Chairman of the Democratic Party
- In office 6 December 2020 – 14 December 2025
- Preceded by: Wu Chi-wai
- Succeeded by: Party dissolved

Vice-Chairman of the Democratic Party
- In office 16 December 2012 – 6 December 2020
- Chairperson: Emily Lau Wu Chi-wai
- Preceded by: Emily Lau Sin Chung-kai
- Succeeded by: Lam Cheuk-ting Edith Leung

Member of the Southern District Council
- In office 1 January 2012 – 10 July 2021
- Preceded by: Wong Che-ngai
- Constituency: Lei Tung II

Personal details
- Born: 1 June 1984 (age 41) Hong Kong
- Party: Democratic Party
- Education: Sing Yin Secondary School
- Alma mater: University of Hong Kong (BSW)
- Occupation: Social worker District councillor

= Lo Kin-hei =

Chinese politician in Hong Kong

Lo Kin-hei (羅健熙; born 1 June 1984) is a Hong Kong politician who was the final chairman of the Democratic Party and a former member of the Southern District Council, representing the Lei Tung II constituency from 2012 to 2021.

==Career==
Born in 1984, Lo graduated from the University of Hong Kong with the Bachelor of Social Work in 2006. He is a registered social worker. He joined the Democratic Party and first contested in the 2007 District Council elections, contesting in the Lei Tung II constituency covering the Lei Tung Estate in Ap Lei Chau. He lost by a narrow margin of 27 votes. He contested in the same constituency in the next District Council elections in 2011 and succeeded in taking a seat with 2,346 votes.
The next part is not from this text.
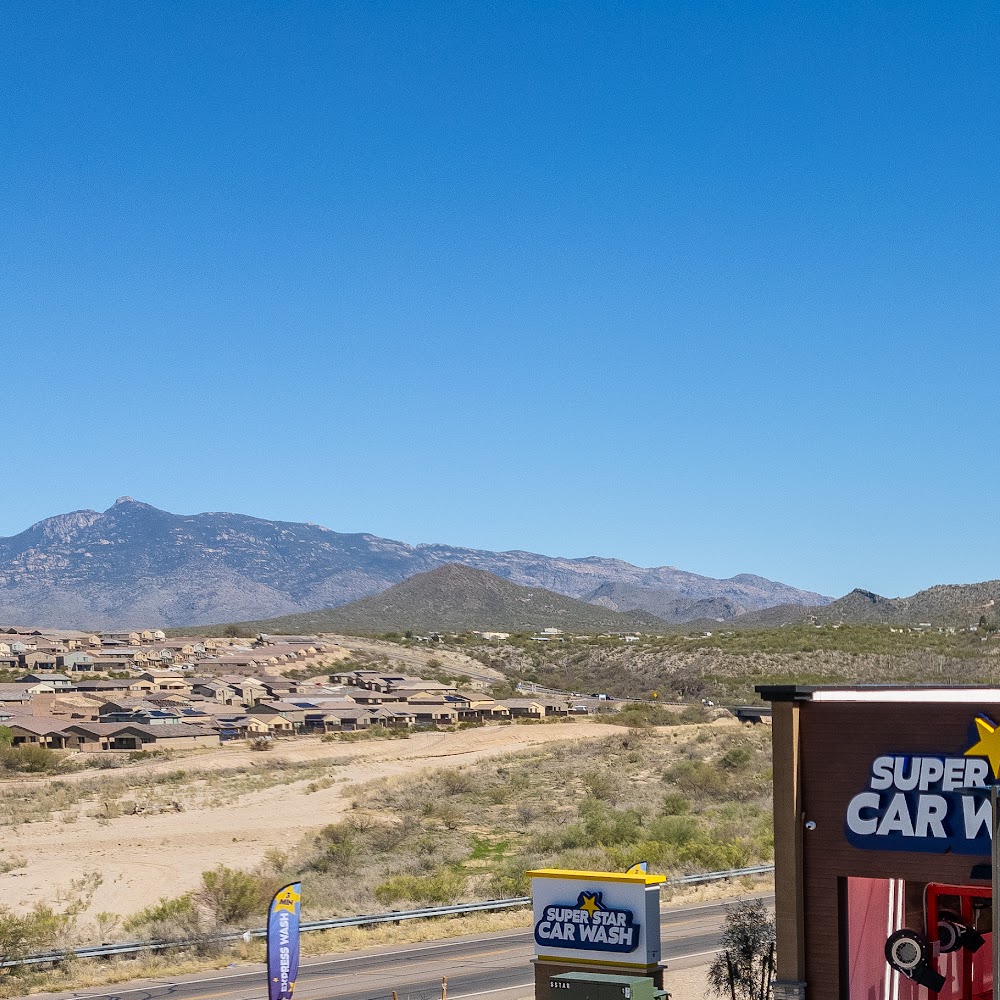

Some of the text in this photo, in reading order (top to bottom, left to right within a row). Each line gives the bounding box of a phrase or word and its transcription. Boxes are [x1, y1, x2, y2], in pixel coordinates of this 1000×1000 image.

He was also member of the pan-democratic candidate list "Demo-Social 60" in the 2011 Election Committee Subsector election for the Social Welfare Subsector and was elected.

In the party leadership election in December 2012, Lo was elected as Vice-Chairman with his senior Richard Tsoi, becoming the youngest Vice-Chairman in party's history.

After the 2019 District Council election, Lo called the vote in effect a "vote of no-confidence" in the political establishment, including Hong Kong's leader, Carrie Lam, and key Chinese officials such as Zhang Xiaoming, head of the State Council's Hong Kong and Macau Affairs Office.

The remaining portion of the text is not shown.